* PROBLEM TO SOLVE
The expected response is the full listing, retyped exactly, without its images.

* RECORDS FOR THE TASK
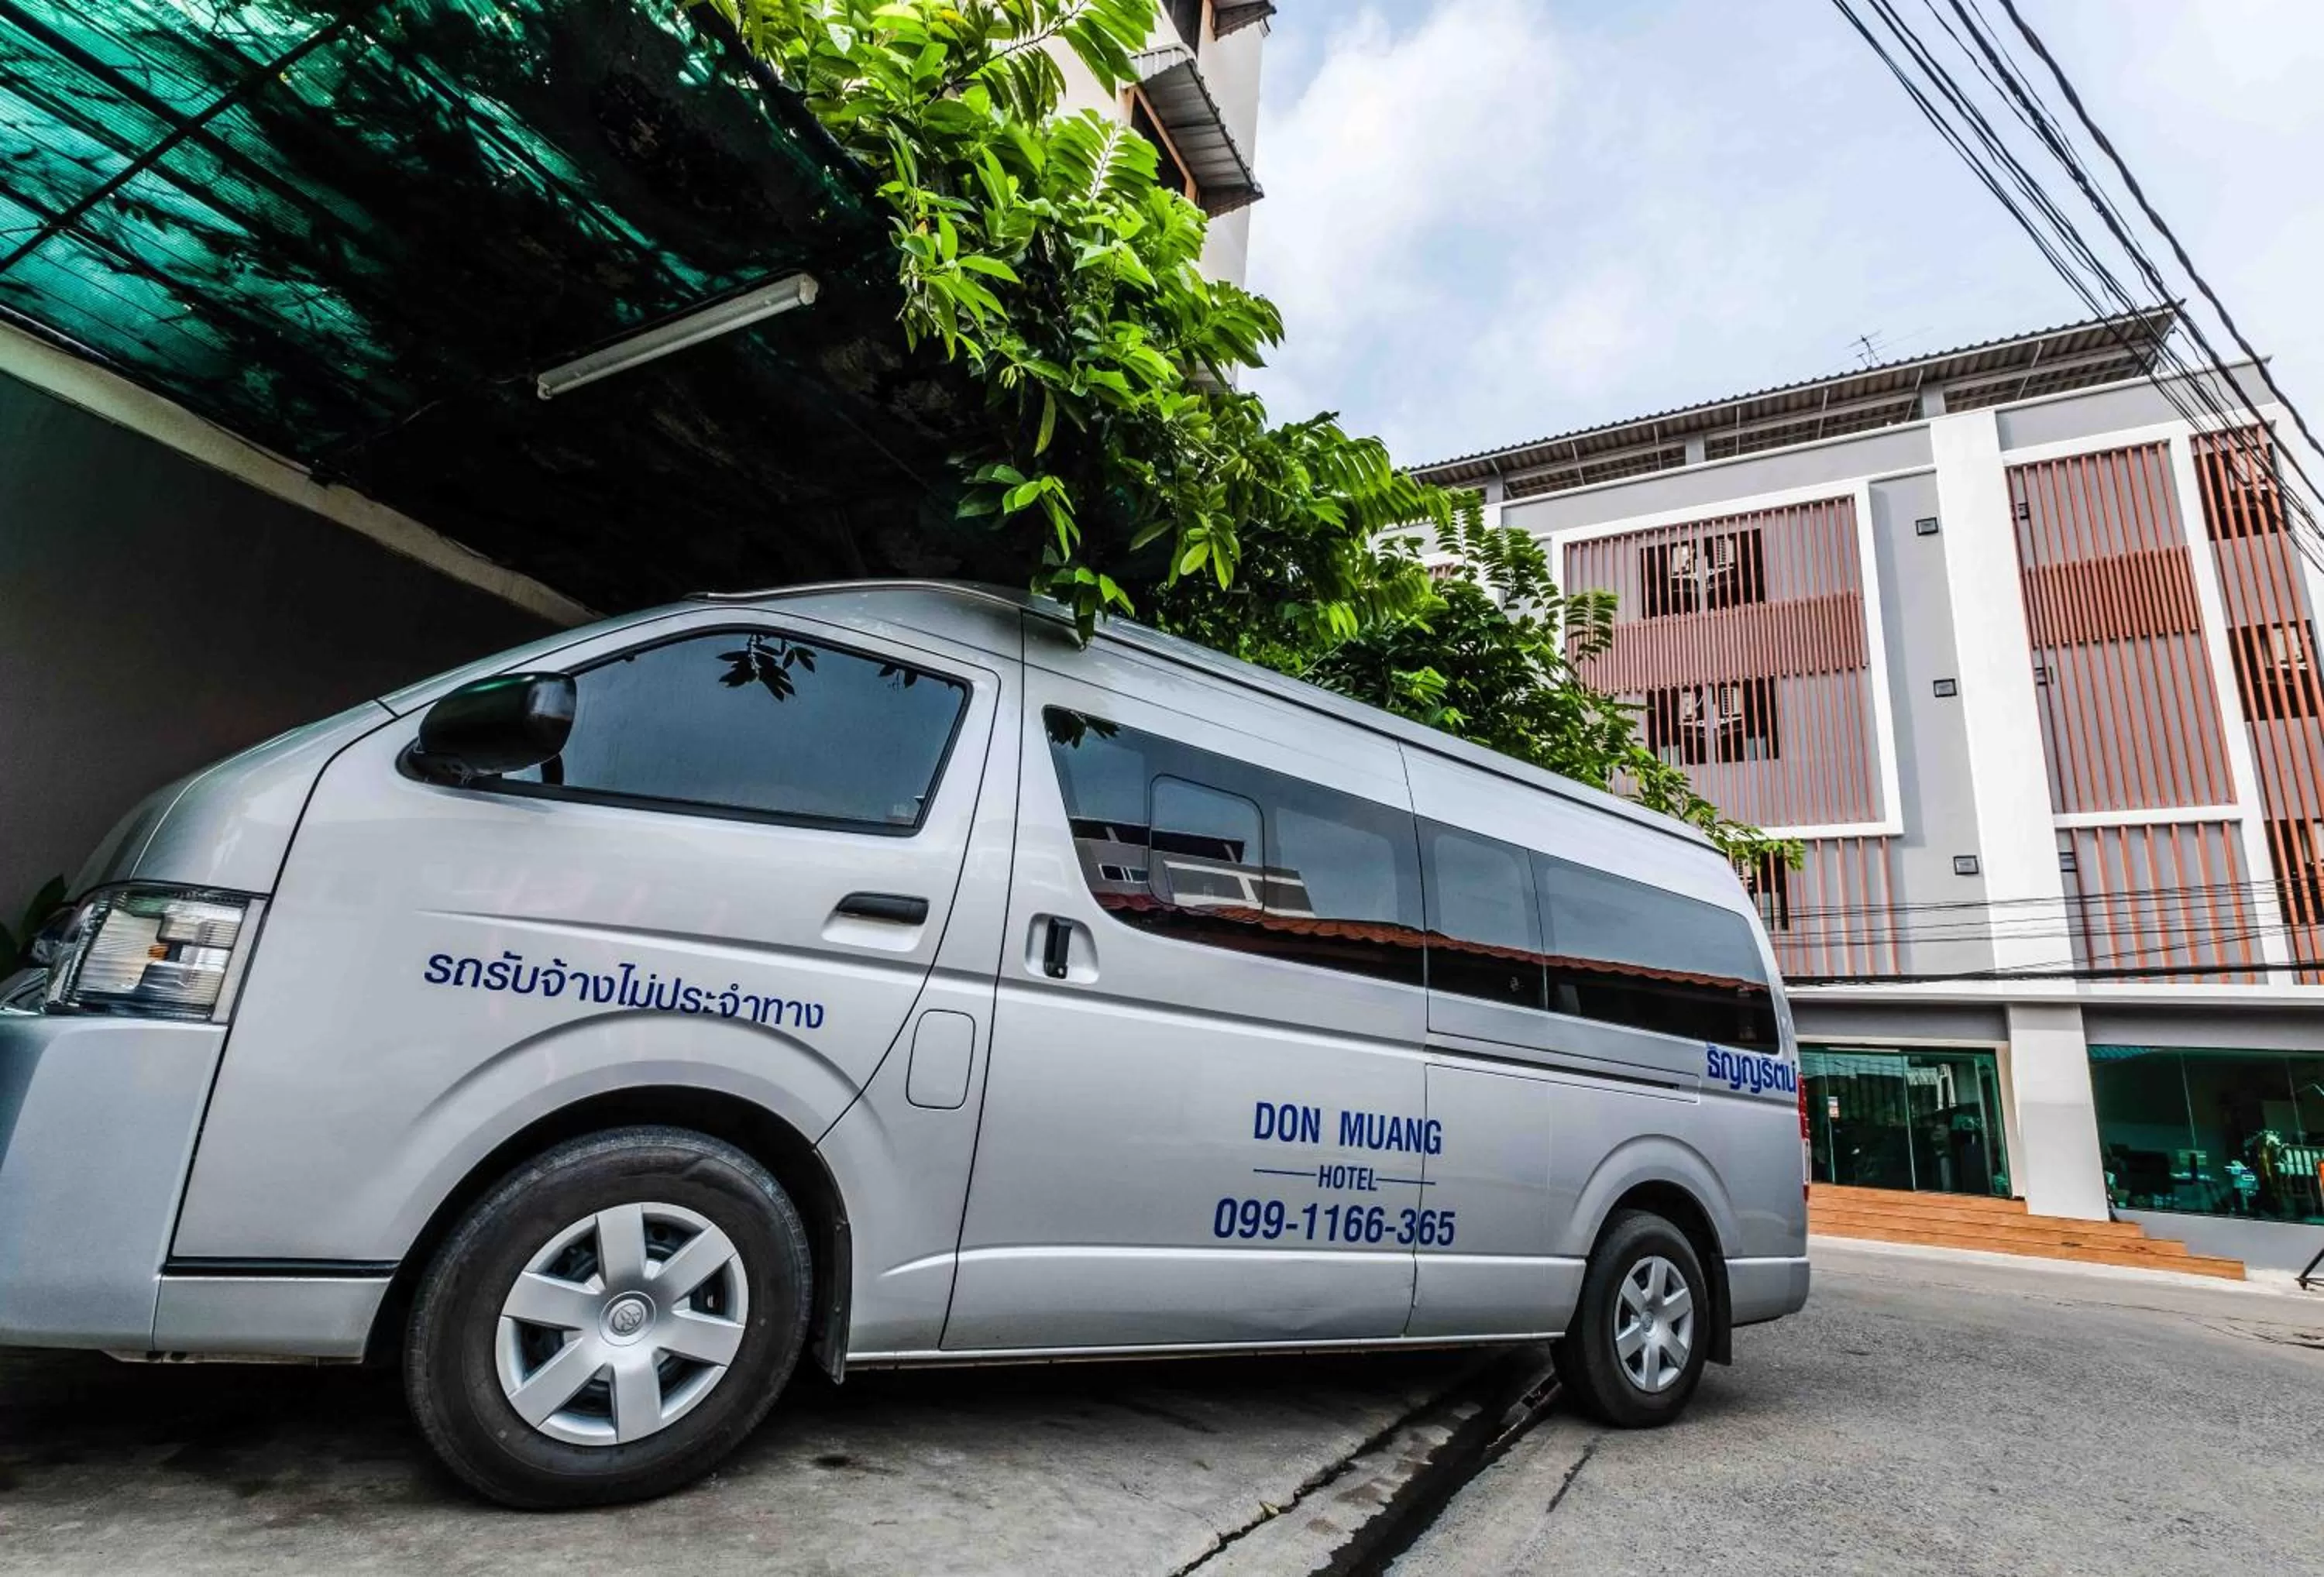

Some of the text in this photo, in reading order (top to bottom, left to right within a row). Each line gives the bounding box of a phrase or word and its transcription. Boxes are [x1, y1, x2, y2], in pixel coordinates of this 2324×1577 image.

[424, 950, 824, 1029] รถรับจ้างไม่ประจำทาง
[1253, 1101, 1442, 1155] DON MUANG
[1318, 1165, 1378, 1191] HOTEL
[1213, 1197, 1456, 1245] 099-1166-365

* EXERCISE RESPONSE
Some of the text in this photo, in reading order (top to bottom, left to right within a row). Each line gives the bounding box of a phrase or word and its transcription. Boxes are [x1, y1, x2, y2], in pixel coordinates of this 2324×1577 image.

[424, 950, 824, 1029] รถรับจ้างไม่ประจำทาง
[1253, 1101, 1442, 1155] DON MUANG
[1318, 1165, 1378, 1191] HOTEL
[1213, 1197, 1456, 1245] 099-1166-365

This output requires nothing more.